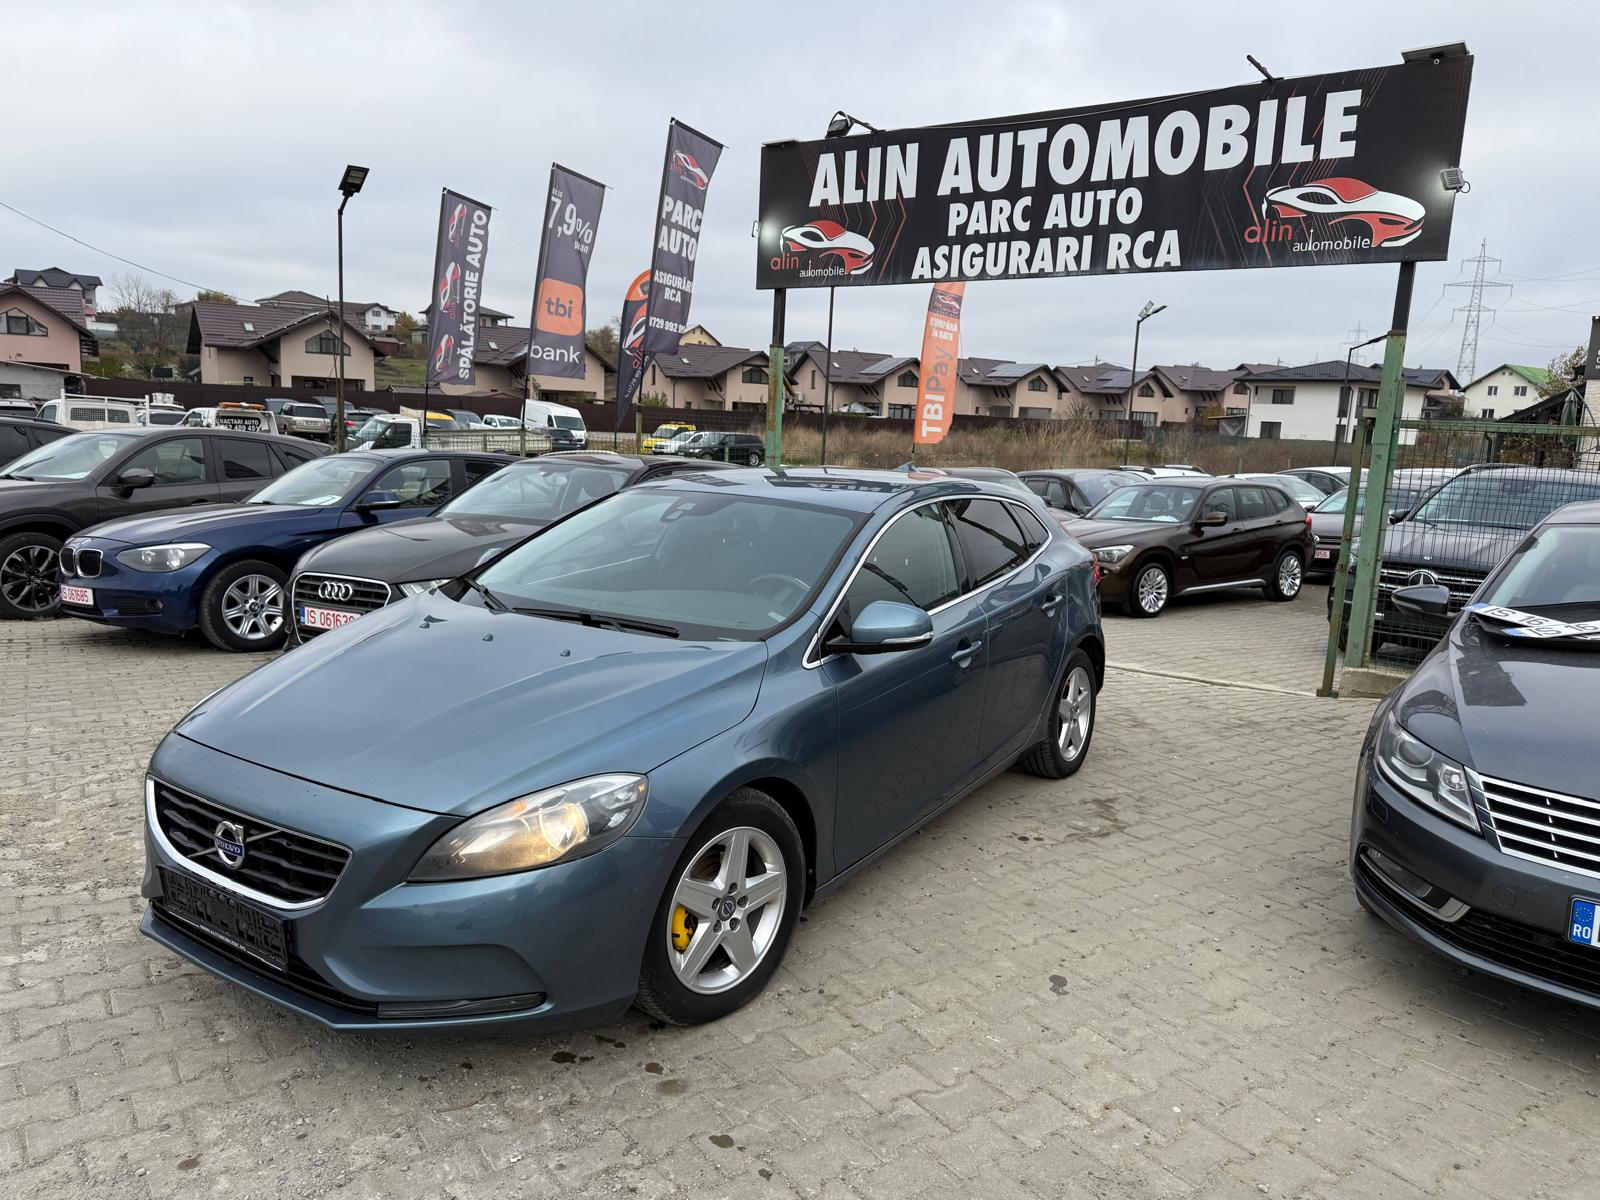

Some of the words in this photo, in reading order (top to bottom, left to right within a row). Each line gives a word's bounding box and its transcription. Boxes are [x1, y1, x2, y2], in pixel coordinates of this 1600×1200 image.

[808, 142, 919, 207] ALIN
[937, 89, 1362, 196] AUTOMOBILE
[548, 196, 593, 243] 7,9%
[662, 194, 703, 233] PARC
[948, 196, 1032, 237] PARC
[1043, 187, 1143, 230] AUTO
[466, 209, 488, 268] AUTO
[1244, 218, 1293, 243] alin
[1293, 231, 1371, 252] automobile
[657, 226, 698, 261] AUTO
[911, 235, 1093, 280] ASIGURARI
[1106, 230, 1181, 270] RCA
[770, 252, 799, 271] alin
[800, 262, 844, 278] automobile
[664, 287, 682, 303] RCA
[545, 298, 573, 319] tbi
[457, 270, 480, 379] SPĂLĂTORIE
[530, 340, 580, 364] bank
[921, 348, 953, 437] TBIPay
[306, 609, 316, 625] IS
[1483, 607, 1516, 617] IS
[1526, 627, 1562, 637] IS
[216, 839, 241, 854] VOLVO
[1573, 923, 1591, 939] RO

● **Exercise requirements**
Write out the data above exactly, minus any images.

● **Answer space**
Some of the words in this photo, in reading order (top to bottom, left to right within a row). Each line gives a word's bounding box and its transcription. Boxes are [x1, y1, x2, y2], in pixel coordinates of this 1600×1200 image.

[808, 142, 919, 207] ALIN
[937, 89, 1362, 196] AUTOMOBILE
[548, 196, 593, 243] 7,9%
[662, 194, 703, 233] PARC
[948, 196, 1032, 237] PARC
[1043, 187, 1143, 230] AUTO
[466, 209, 488, 268] AUTO
[1244, 218, 1293, 243] alin
[1293, 231, 1371, 252] automobile
[657, 226, 698, 261] AUTO
[911, 235, 1093, 280] ASIGURARI
[1106, 230, 1181, 270] RCA
[770, 252, 799, 271] alin
[800, 262, 844, 278] automobile
[664, 287, 682, 303] RCA
[545, 298, 573, 319] tbi
[457, 270, 480, 379] SPĂLĂTORIE
[530, 340, 580, 364] bank
[921, 348, 953, 437] TBIPay
[306, 609, 316, 625] IS
[1483, 607, 1516, 617] IS
[1526, 627, 1562, 637] IS
[216, 839, 241, 854] VOLVO
[1573, 923, 1591, 939] RO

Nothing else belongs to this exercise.